Rapito dalla vastità dell’Intero, quando riesco a calmare anche solo per poco le pretese di un ego che non tollera silenzio ed inazione. Nessuna lotta interna, però; sarebbe una lotta destinata alla sconfitta nello stesso momento in cui viene intrapresa. Nel tentativo di reprimere l’antico io spaventato dalla prospettiva di non lasciare traccia, tutto verrebbe coperto dall’ombra oppressiva di un oscuro maestro interiore che afferma la propria santità – e con essa l’eterna permanenza – nella capacità di distaccarsi, ridotta a pura abilità psicologica.
L’esercizio supremo della volontà, il più difficile, è la non-volontà.

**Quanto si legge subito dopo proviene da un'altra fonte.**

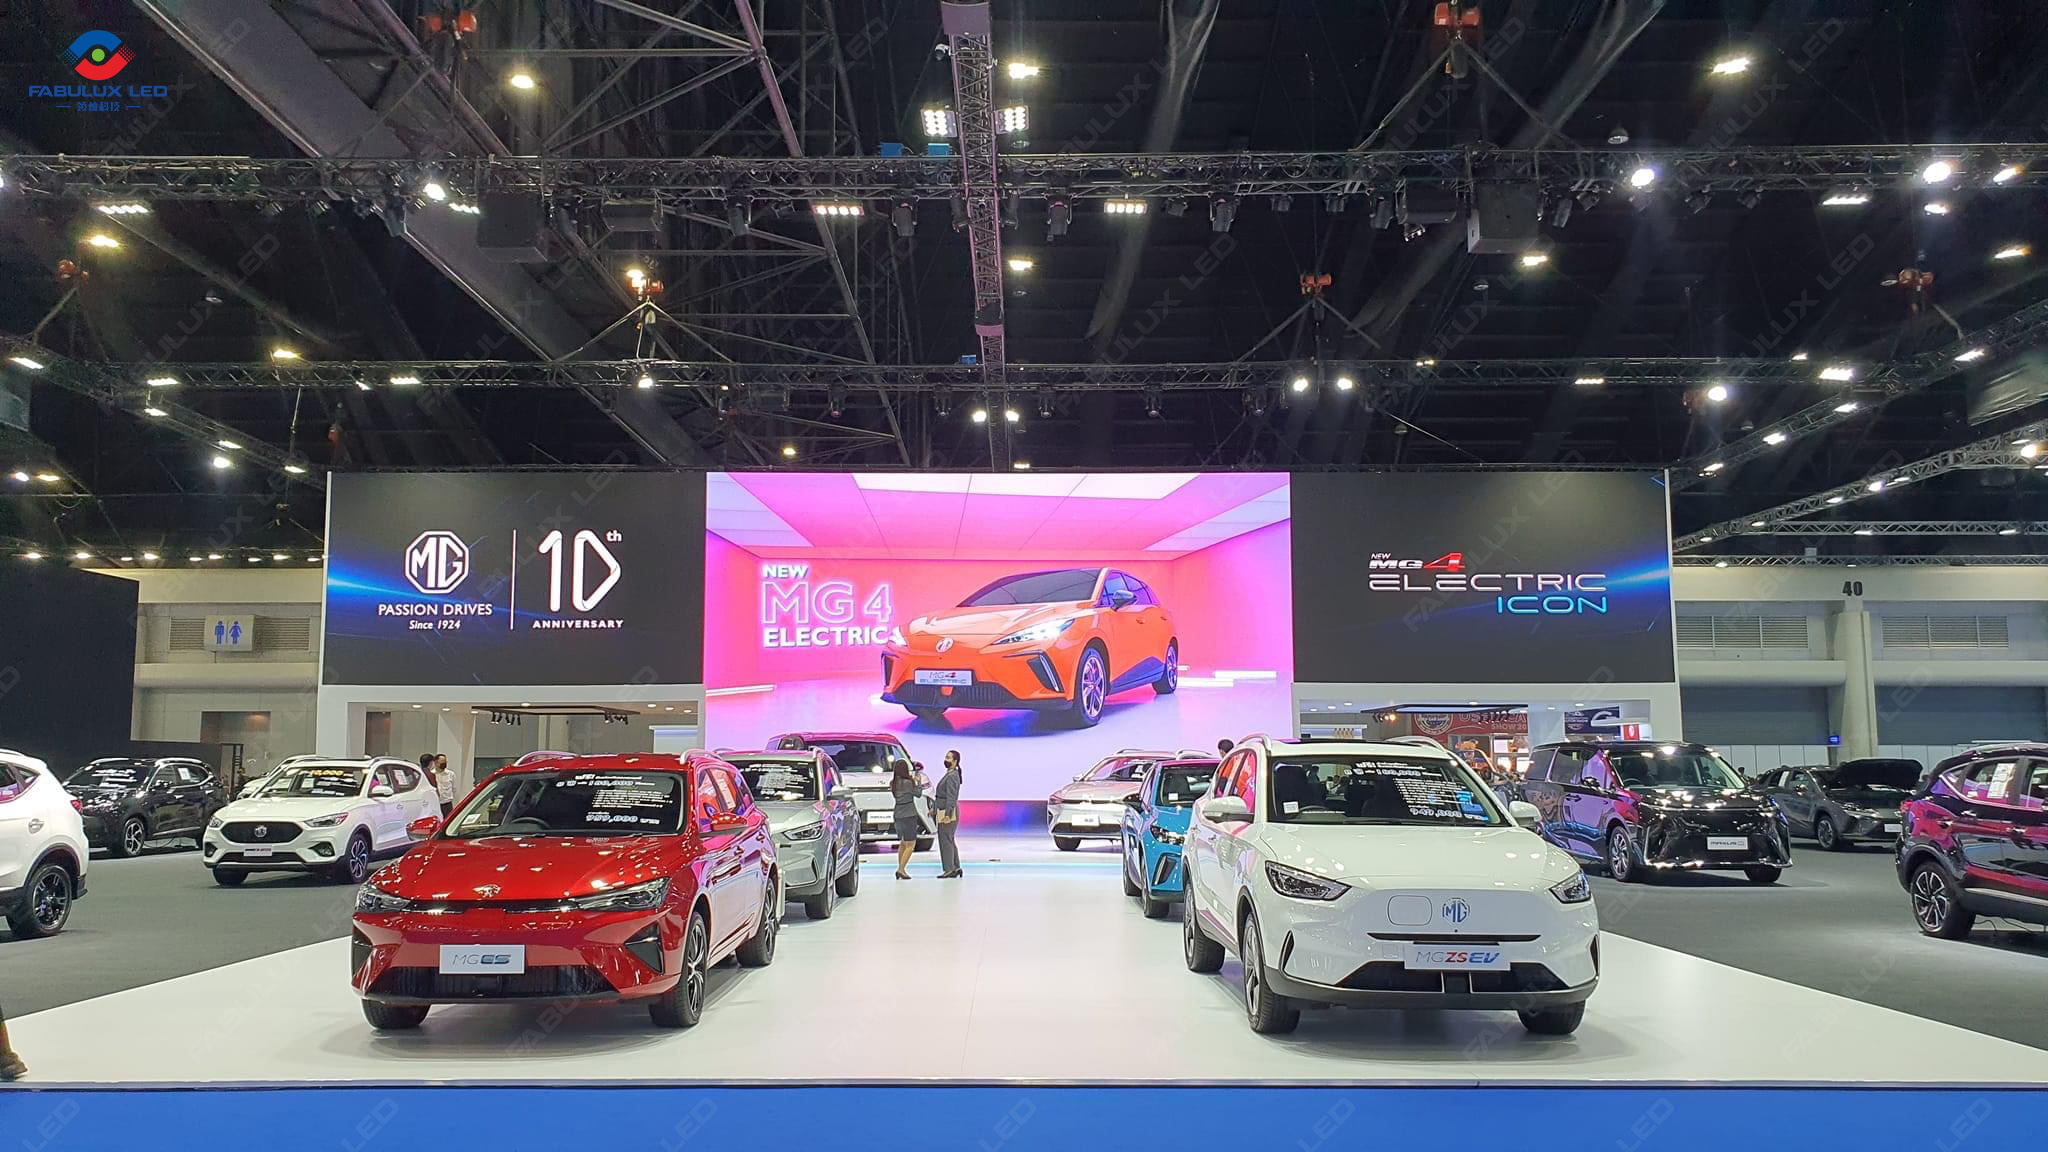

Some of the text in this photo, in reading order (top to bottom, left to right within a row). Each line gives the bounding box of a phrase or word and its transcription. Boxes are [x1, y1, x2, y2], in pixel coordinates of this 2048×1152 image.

[1370, 552, 1392, 560] NEW
[762, 564, 809, 579] NEW
[1368, 574, 1607, 592] ELECTRIC
[1842, 580, 1863, 597] 40
[378, 603, 493, 616] PASSION DRIVES
[761, 580, 892, 625] MG 4
[1496, 596, 1608, 614] ICON
[408, 619, 461, 630] Since 1924
[533, 619, 624, 629] ANNIVERSARY
[763, 624, 892, 648] ELECTRIC
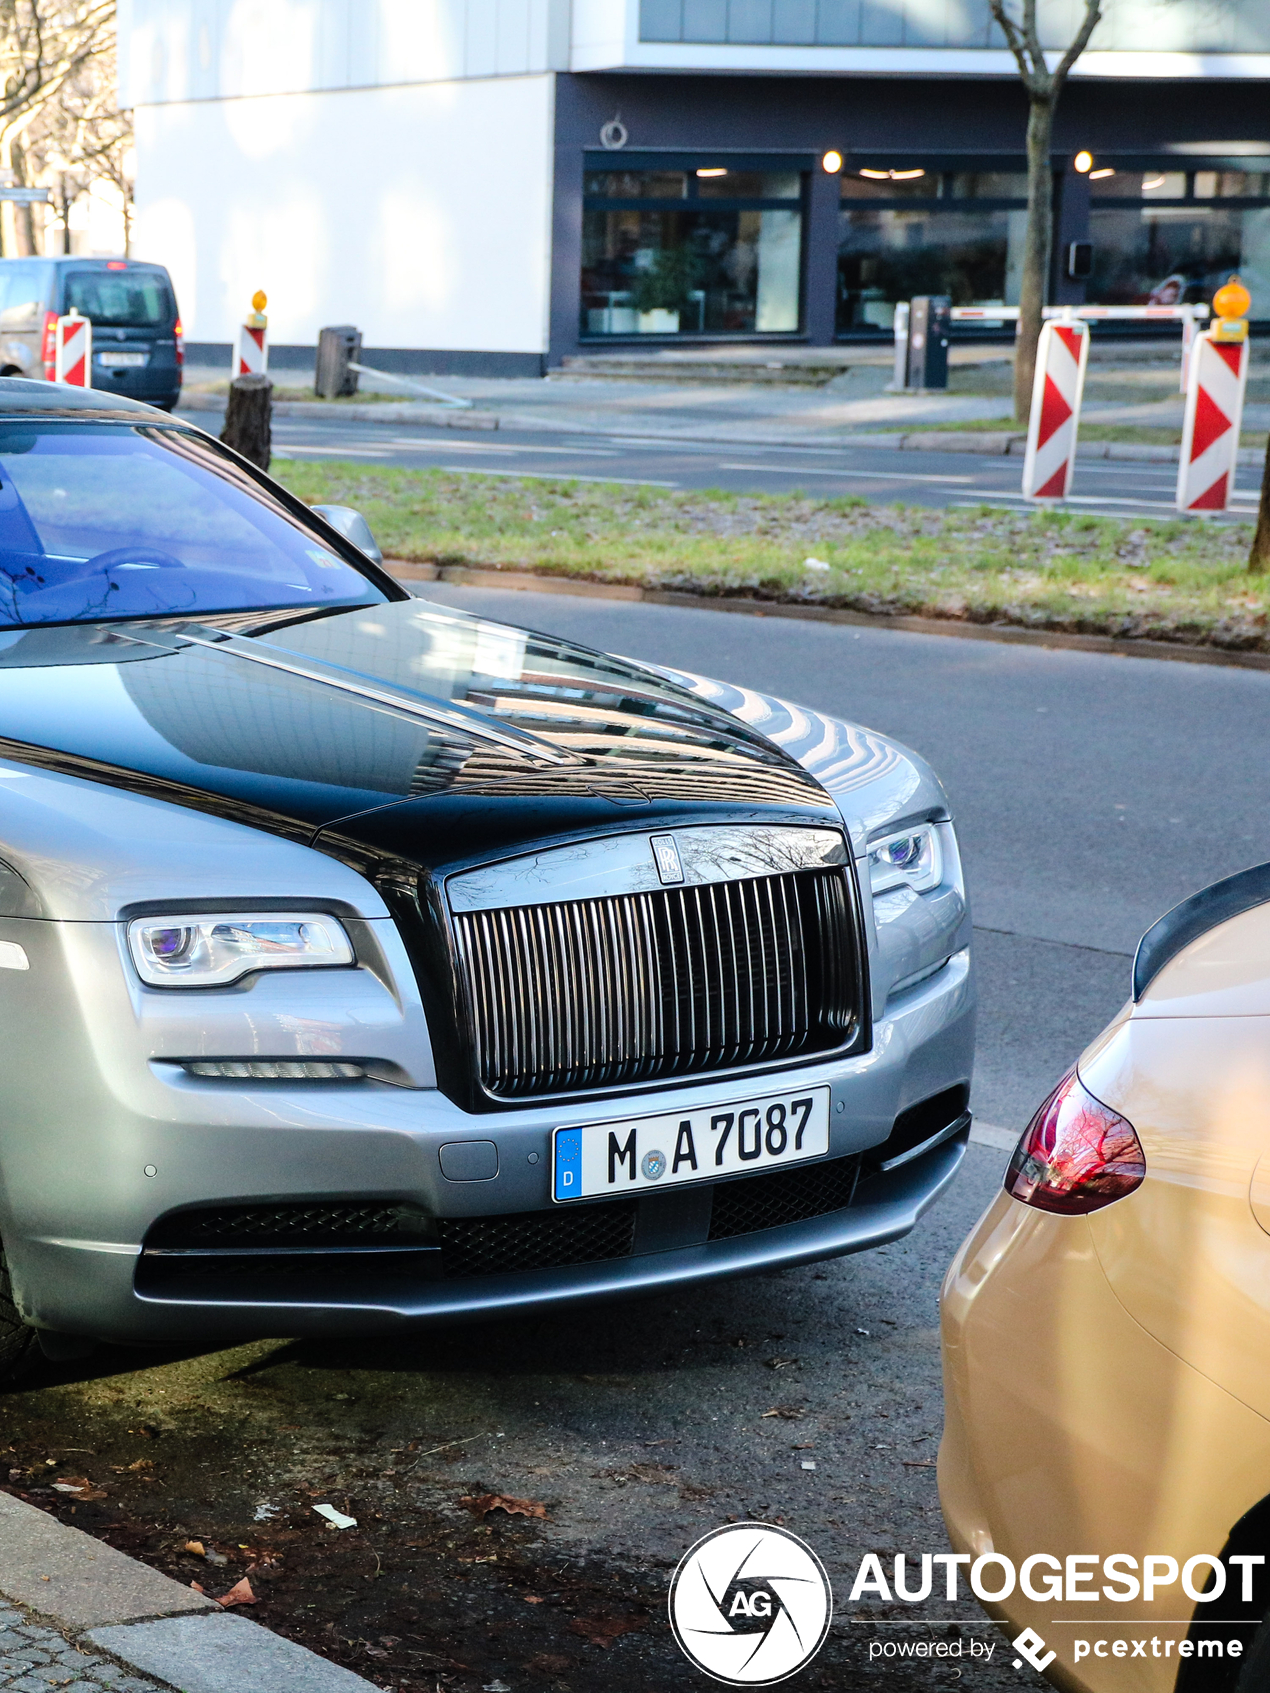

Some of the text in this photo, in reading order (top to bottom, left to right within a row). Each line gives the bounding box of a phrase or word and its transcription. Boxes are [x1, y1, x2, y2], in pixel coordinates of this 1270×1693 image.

[654, 838, 673, 846] ROLLS
[607, 1128, 637, 1184] M
[671, 1119, 698, 1174] A
[710, 1097, 814, 1166] 7087
[562, 1171, 574, 1187] D
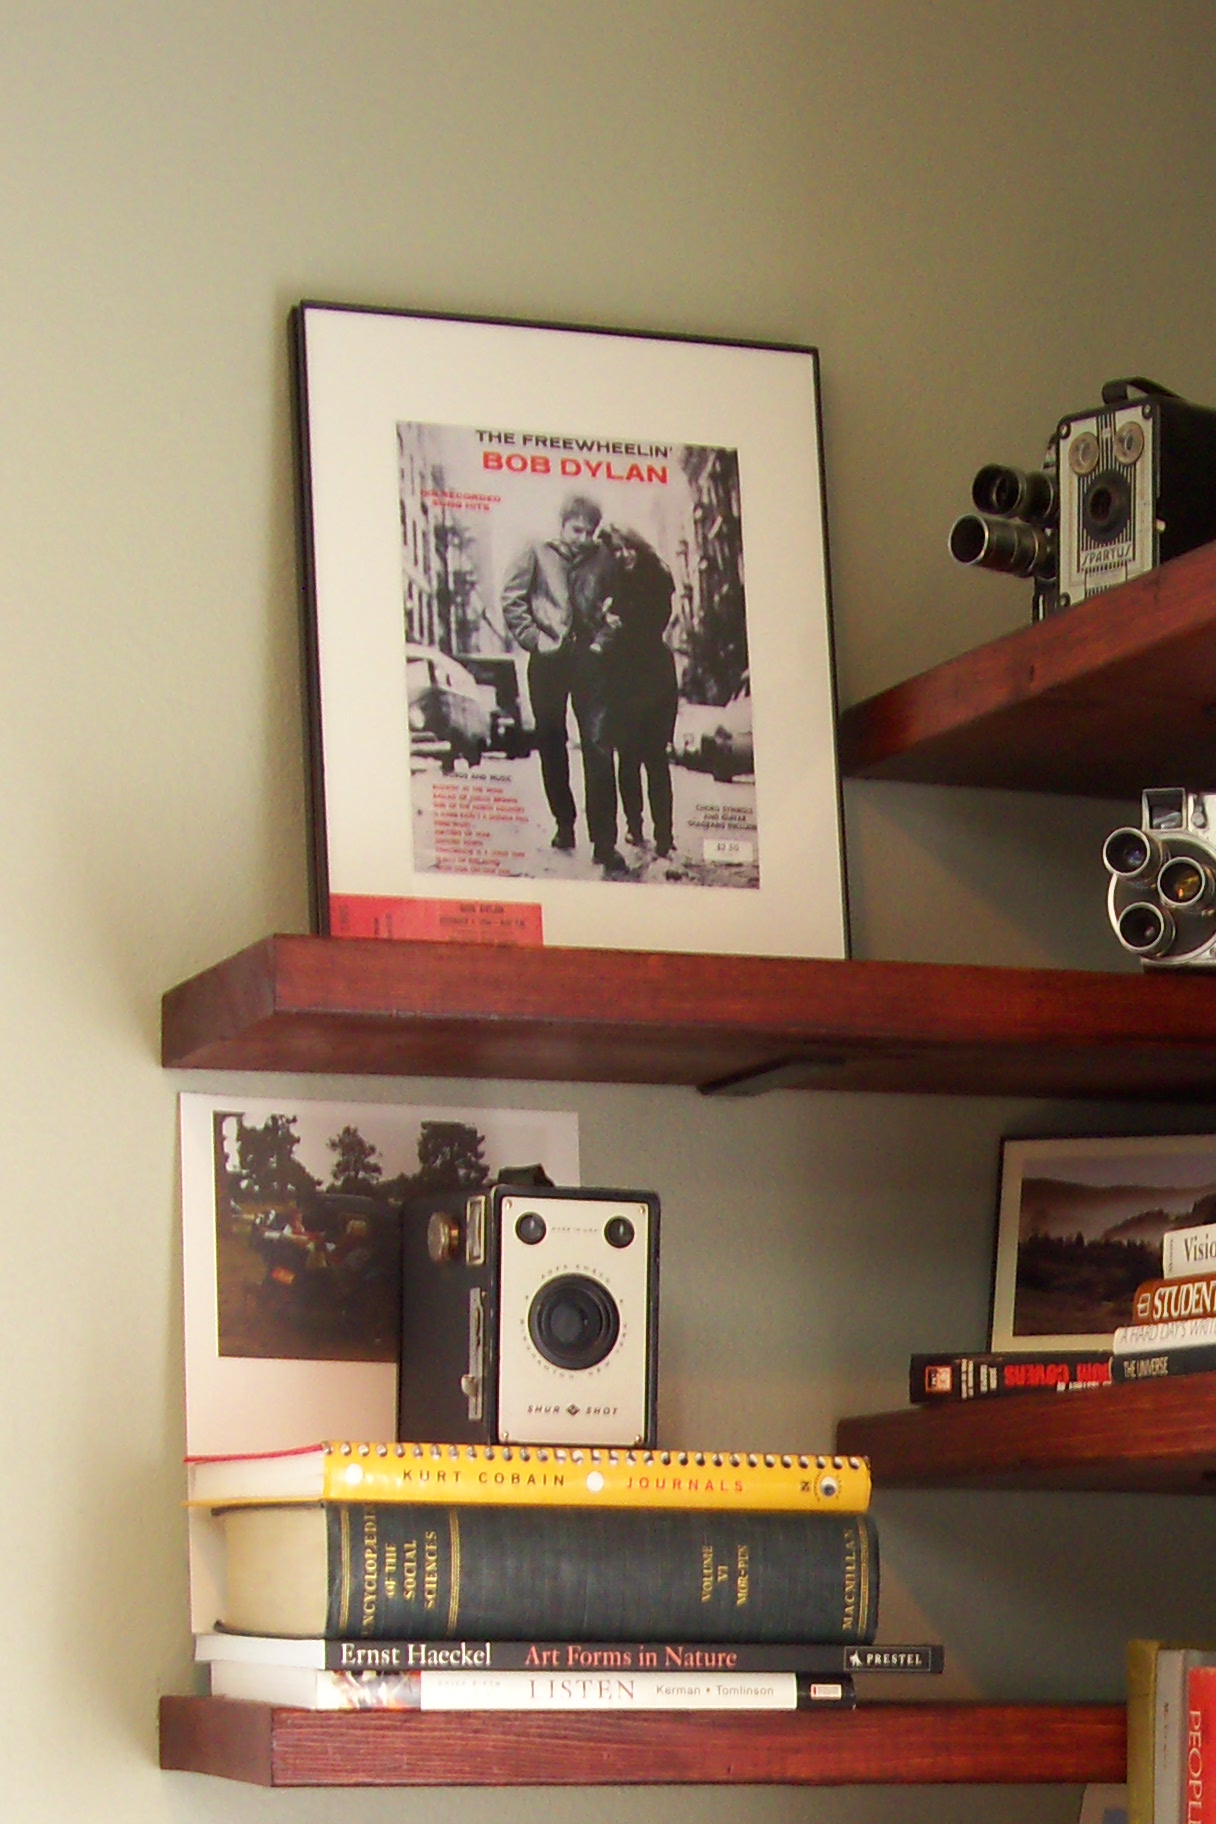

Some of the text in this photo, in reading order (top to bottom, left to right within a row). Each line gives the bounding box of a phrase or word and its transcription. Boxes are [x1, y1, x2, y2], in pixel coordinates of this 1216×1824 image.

[476, 429, 672, 458] THE FREEWHEELIN'
[482, 451, 668, 484] BOB DYLAN
[1081, 543, 1133, 567] SPARTUS
[1121, 1330, 1130, 1344] A
[1130, 1326, 1158, 1343] HARD
[1159, 1322, 1187, 1341] DAY'S
[1123, 1359, 1137, 1379] THE
[1137, 1356, 1169, 1378] UNIVERSE
[527, 1404, 620, 1416] SHUR SHOT
[403, 1469, 744, 1493] KURT COBAIN JOURNALS
[385, 1543, 398, 1599] OF THE
[403, 1539, 418, 1601] SOCIAL
[424, 1530, 438, 1610] SCIENCES
[701, 1544, 714, 1603] VOLUME
[717, 1564, 730, 1583] VI
[842, 1527, 857, 1631] MACMILLAN
[340, 1641, 922, 1668] Ernst Haeckel Art Forms in Nature PRESTEL
[529, 1679, 774, 1700] LISTEN Kerman Tomlinson
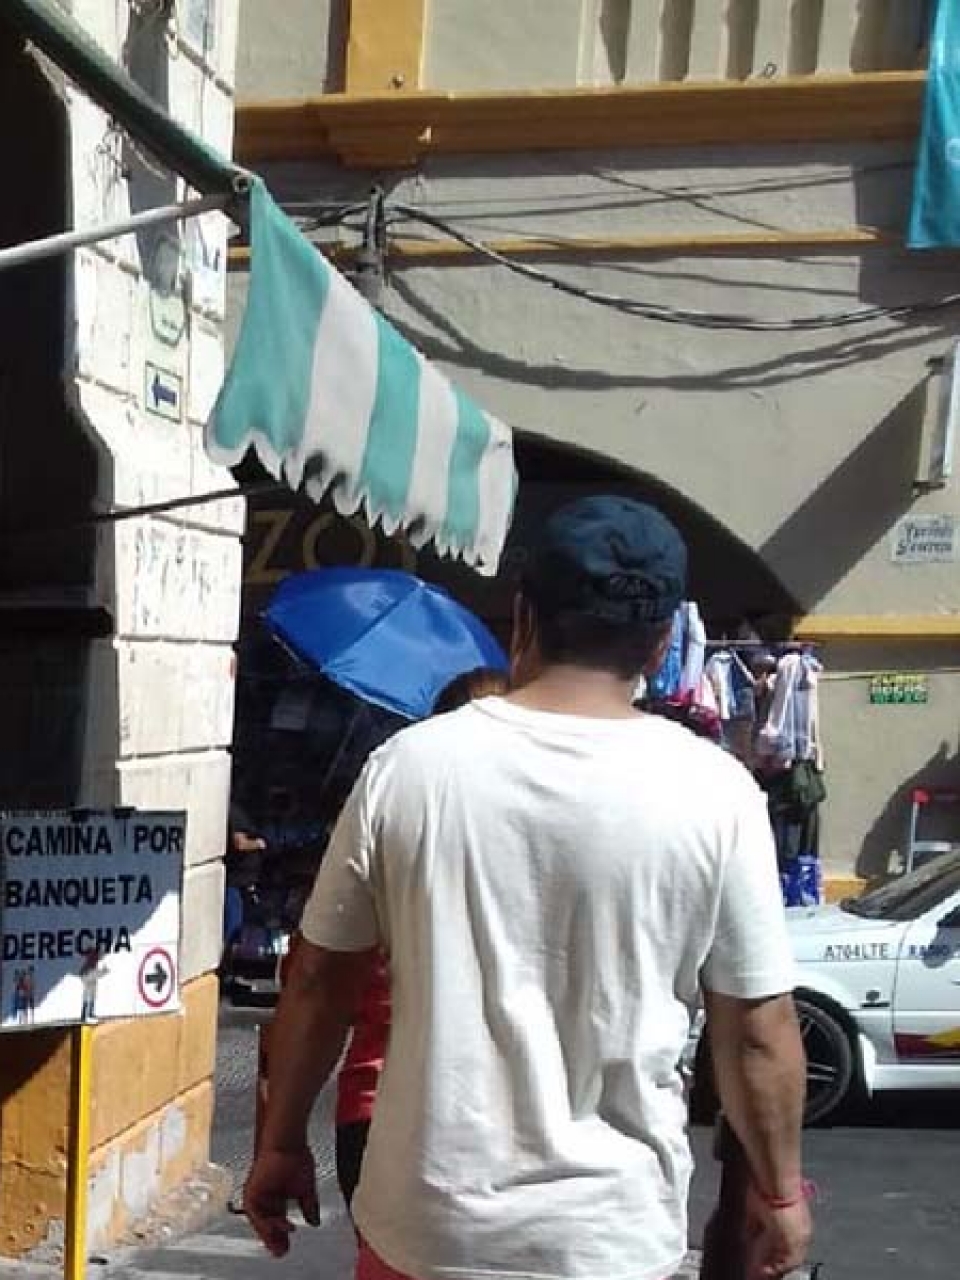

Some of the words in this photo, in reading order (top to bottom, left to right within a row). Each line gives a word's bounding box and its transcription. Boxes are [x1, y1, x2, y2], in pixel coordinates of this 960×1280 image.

Così come la forma più alta di conoscenza è la dissoluzione della conoscenza stessa nell’Essere. E non vi è merito alcuno nel raggiungere il distacco puro ed assoluto, non più di quanto ne abbia un fiore ad aprirsi all’alba. Il premio di colui che accede alla buia luce della consapevolezza non può essere misurato con le parole e i valori della cultura della separazione e dell’illusione della (possibilità di) permanenza. Non è un diventare migliori degli altri, né vedere cose che per gli altri sono nascoste, e neanche visitare mondi sconosciuti ai più; vorrei tanto che così fosse, ma non è così. Il premio è rendere attuale un modo di essere in sé stessi e nel mondo che tutti gli uomini hanno, nella stessa misura, tra le possibilità del proprio essere. Tutto ciò che esiste nell’universo, infatti, costruisce il tempo tra il suo apparire strutturando una preesistente materia e il suo dissolversi liberando quella stessa materia per nuove strutture, muovendosi incessantemente verso un fine che consiste nella più ampia realizzazione delle sue possibilità. Un albero non è fatto per parlare, e non sarebbe felice di poter parlare. E l’uomo non fa eccezione.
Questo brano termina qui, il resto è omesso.